**WHAT TO PRODUCE**: Reproduce each entry exactly.

Dataset entries
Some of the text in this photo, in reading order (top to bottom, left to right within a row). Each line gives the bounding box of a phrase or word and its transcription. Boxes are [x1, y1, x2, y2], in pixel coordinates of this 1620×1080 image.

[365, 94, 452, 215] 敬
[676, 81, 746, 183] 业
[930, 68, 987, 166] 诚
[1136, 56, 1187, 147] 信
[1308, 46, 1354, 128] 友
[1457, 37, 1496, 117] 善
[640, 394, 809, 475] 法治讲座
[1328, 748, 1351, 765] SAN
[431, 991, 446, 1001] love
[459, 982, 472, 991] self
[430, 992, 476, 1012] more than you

**EXERCISE SOLUTION**:
Some of the text in this photo, in reading order (top to bottom, left to right within a row). Each line gives the bounding box of a phrase or word and its transcription. Boxes are [x1, y1, x2, y2], in pixel coordinates of this 1620×1080 image.

[365, 94, 452, 215] 敬
[676, 81, 746, 183] 业
[930, 68, 987, 166] 诚
[1136, 56, 1187, 147] 信
[1308, 46, 1354, 128] 友
[1457, 37, 1496, 117] 善
[640, 394, 809, 475] 法治讲座
[1328, 748, 1351, 765] SAN
[431, 991, 446, 1001] love
[459, 982, 472, 991] self
[430, 992, 476, 1012] more than you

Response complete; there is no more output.